第35話 静かな戦い

私の忙しい夏が始まってしまった…

初日は打ち合わせも兼ねてパルケ子爵家の方々とご挨拶をしたのだが、今年成人を迎えた十五歳の長男トリスタン様と初めて会ったのだが凄く賢そうな青年であり、


「楽しい物語を読ませて貰いました。私の卒業した王都の魔術学校でも話題になっており本来ならば私の学友などもモリー殿にご挨拶をと望んでおりましたが、父上の話ではどうやらすぐには難しいと…」


と丁寧な挨拶をして頂いたのだった。


「家族より私よりも歳が若い少女が書いた物語だとは聞かされておりましたが…実際に見るまで…いや、見ている今でも信じられない自分がおります」


と言っていたが、私としては、


『トリスタン様のおかげで良い練習になるな…今年の夏は知らないお貴族様達とこのやり取りを何回繰り返すのだろうか…』


などと考えているのだった。


そして、数日後に集落の入り口へ春に訪れた転移スキル持ちの職員さんが、


「到着致しました」


と、三名の身なりの良い方を転移させて来て、その方々が集落の入り口で門番をしていたパルケ子爵家の騎士団の方の案内で別荘へと移動を始めると、転移職員さんは再び消えたかと思うとまた次の方々を連れて来て、それを三回程繰り返すと転移職員さんは集落の入り口でヘニョンと腰を下ろし、騎士団の方々に肩を貸してもらい騎士団の方々の寝泊まりする別荘手前の広場のテントへと担ぎ込まれたのだった。


『魔力切れか何かかな?』


などと思いながら私は引きずられていく転移職員の男性を見送る。


前世でも転移スキルを持っている者はごく希に居たし、魔力を使って数名を登録した場所へ転移出来る能力の為に最上級の冒険者パーティー等では緊急避難用のパーティーメンバーとして低ランクだろうと転移スキルがあれば迎えられていきなり凄い報酬の分け前がもらえるので、スキルをまだ持っていない子供達からは、『あんなスキル欲しいランキング』上位の憧れのスキルだと個人的には思っている。

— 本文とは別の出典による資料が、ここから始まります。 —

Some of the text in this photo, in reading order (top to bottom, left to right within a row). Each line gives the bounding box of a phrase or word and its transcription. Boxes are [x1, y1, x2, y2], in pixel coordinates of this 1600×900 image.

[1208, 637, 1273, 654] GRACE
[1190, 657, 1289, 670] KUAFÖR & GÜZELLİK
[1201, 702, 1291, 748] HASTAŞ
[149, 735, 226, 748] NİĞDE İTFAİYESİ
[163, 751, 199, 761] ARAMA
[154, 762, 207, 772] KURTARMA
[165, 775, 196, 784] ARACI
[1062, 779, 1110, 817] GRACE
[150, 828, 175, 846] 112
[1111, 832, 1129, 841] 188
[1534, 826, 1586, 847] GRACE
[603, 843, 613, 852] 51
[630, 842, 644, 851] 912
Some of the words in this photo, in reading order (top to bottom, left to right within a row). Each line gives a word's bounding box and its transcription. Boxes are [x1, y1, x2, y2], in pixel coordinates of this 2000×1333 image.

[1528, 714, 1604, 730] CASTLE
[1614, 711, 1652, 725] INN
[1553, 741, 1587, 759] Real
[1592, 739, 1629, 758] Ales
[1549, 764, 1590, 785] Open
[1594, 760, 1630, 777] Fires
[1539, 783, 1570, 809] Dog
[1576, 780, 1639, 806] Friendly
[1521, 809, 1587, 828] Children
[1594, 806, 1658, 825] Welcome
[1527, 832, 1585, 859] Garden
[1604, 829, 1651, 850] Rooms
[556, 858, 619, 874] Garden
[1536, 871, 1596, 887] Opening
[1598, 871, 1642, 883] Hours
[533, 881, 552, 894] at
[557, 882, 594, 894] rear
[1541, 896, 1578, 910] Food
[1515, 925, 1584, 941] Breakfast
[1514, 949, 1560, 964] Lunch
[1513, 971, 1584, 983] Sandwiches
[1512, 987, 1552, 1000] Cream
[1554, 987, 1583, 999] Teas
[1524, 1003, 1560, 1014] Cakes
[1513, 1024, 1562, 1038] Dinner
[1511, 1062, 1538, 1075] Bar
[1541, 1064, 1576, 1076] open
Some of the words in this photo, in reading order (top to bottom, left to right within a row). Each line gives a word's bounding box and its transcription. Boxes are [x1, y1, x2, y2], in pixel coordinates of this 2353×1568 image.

そんな有能スキルの職員さんがテントでダウンしたという事は、どうやら今回の転移は終了したらしく集まった方々はこの後、お茶会を開いたり夜会などを涼しい高原の別荘で楽しみ2泊程してまた転移で王都へと帰って行かれる予定なのだそうだ。


さて、転移スキルにて王都からやってきた今回のお客様はザムドール王国の宰相閣下と奥方様と文官職の方三名と、

ザムドール王国の財務卿である侯爵様と奥方様とご長男の三名に、

派閥的には宰相様の系列のザムドール王国の文部大臣様と配下の文官職の方に何故かザムドール王国の商業ギルドのグランドマスターという異色の組合せの三名様であった。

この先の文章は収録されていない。